The following are places where it is still called Epiphany today:
- The browser's title bar ("Epiphany Web Browser")
- The software package is still officially called epiphany-browser
- On the Gnome website
- On the developer's own mailing list (called the "epiphany-list")
- The extensions package ("Epiphany-extensions")
- In Gnome bug tracking
- The built-in help manual ("Epiphany Manual")
- In the browser's transmitted user agent string
- The github source code repository still calls it Epiphany
- In his most recent post where he refers to it by name on the developer's list, in October 2012, the lead developer, Xan Lopez was still calling it Epiphany
The "main menu about" is really the only place where the name has actually been changed.
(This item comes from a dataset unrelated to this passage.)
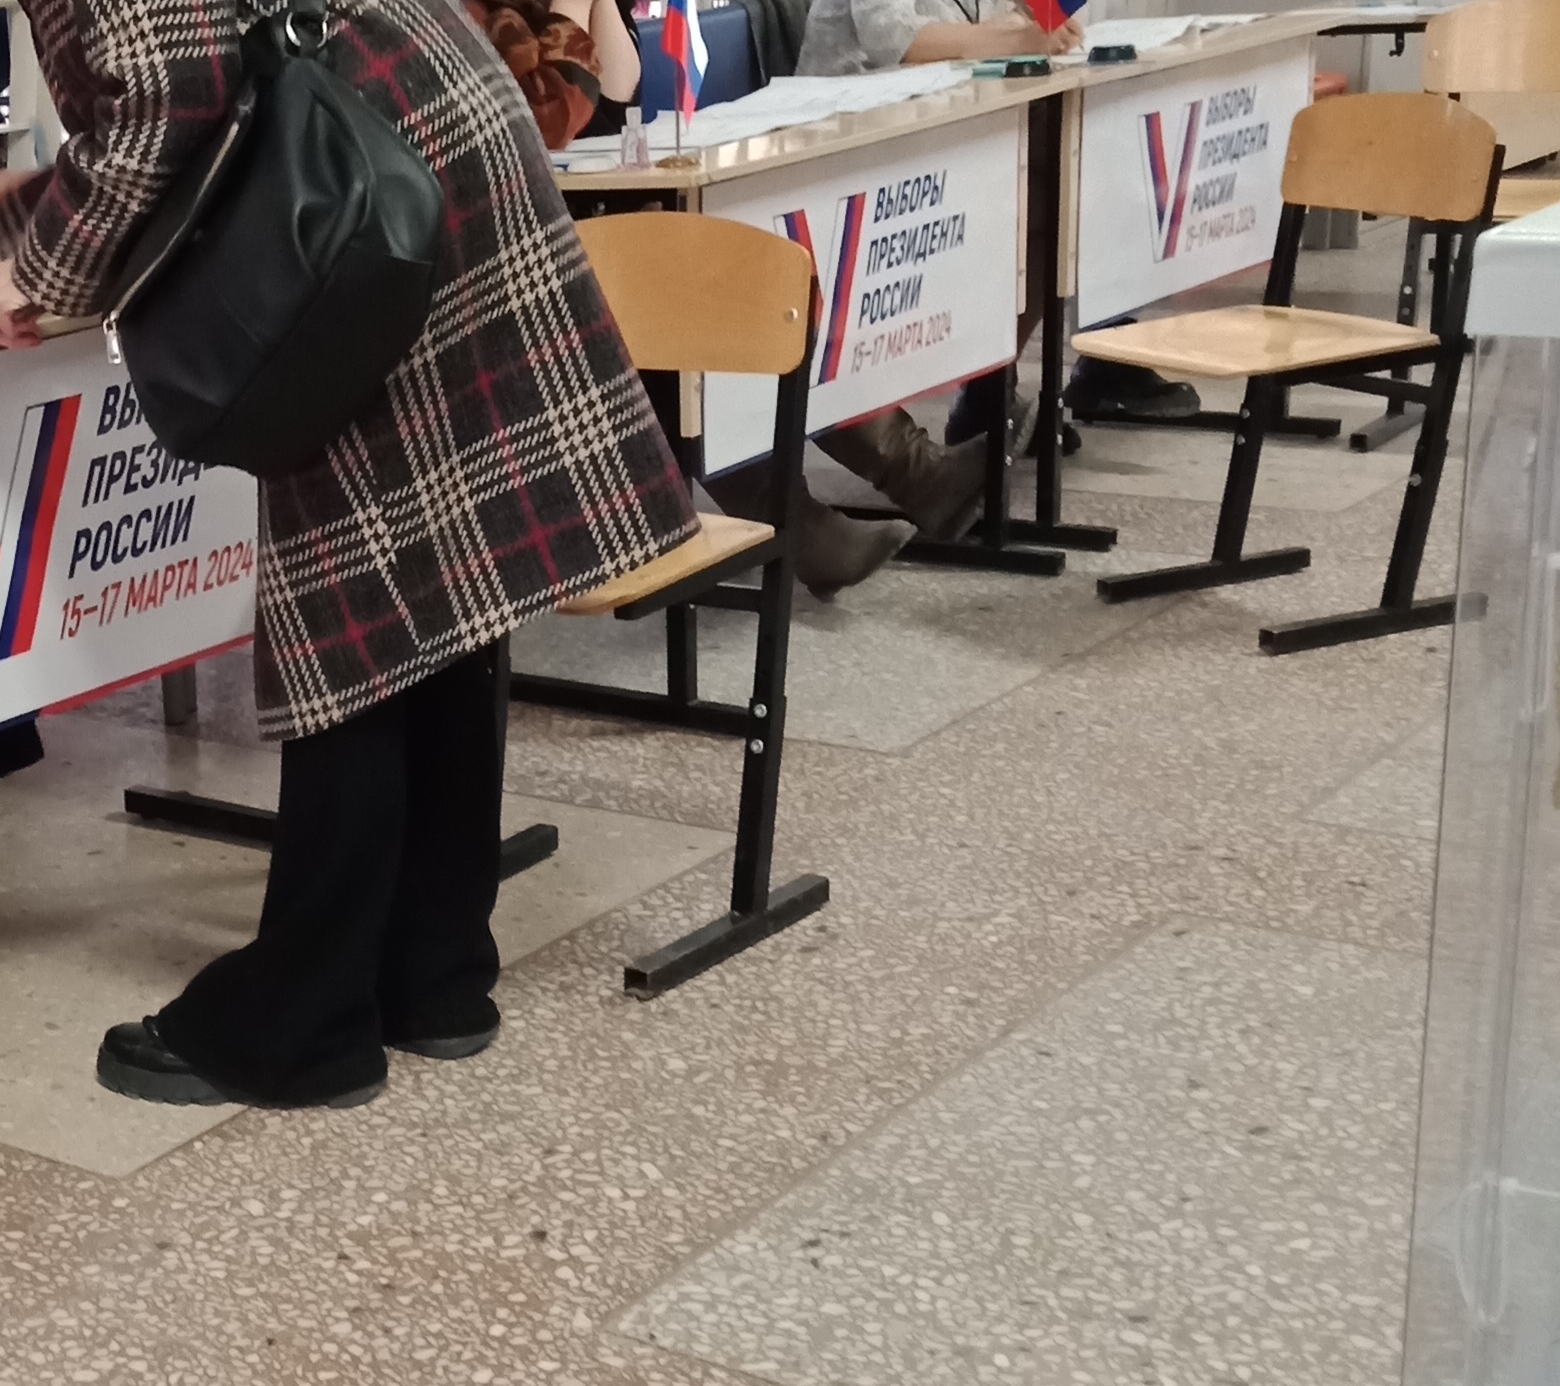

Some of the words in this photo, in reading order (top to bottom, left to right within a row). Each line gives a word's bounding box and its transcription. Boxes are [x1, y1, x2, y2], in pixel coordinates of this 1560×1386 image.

It is interesting to note that some other Gnome applications don't have their real project names on the "main menu about" though. For instance, the Gnome PDF reader, Evince, on its "Help - about" says "Document Viewer" and Eye of GNOME is called "Image Viewer". My understanding was that this was for menu indexing, so that users wouldn't have to remember the name of the PDF reader and would just see"Document Viewer" on their menus instead.
I am really wondering whether Epiphany was really renamed to "Web" or not. It seems possible that it is still actually called "Epiphany" and the name "Web" is merely for simplified menu indexing. - Ahunt (talk) 13:44, 28 May 2013 (UTC)
The Raspberrian Os on my brand new Raspberry PI 2 uses "Ephiphany" 3.8.2 with webkit 2.4.1 as one of the 4 browsers. No mention is made of "Web" It also currently will not correctly work with ssh @ Calomel.org I hope this helps. Glennndavis (talk) 13:48, 22 February 2015 (UTC)
External links modified[edit]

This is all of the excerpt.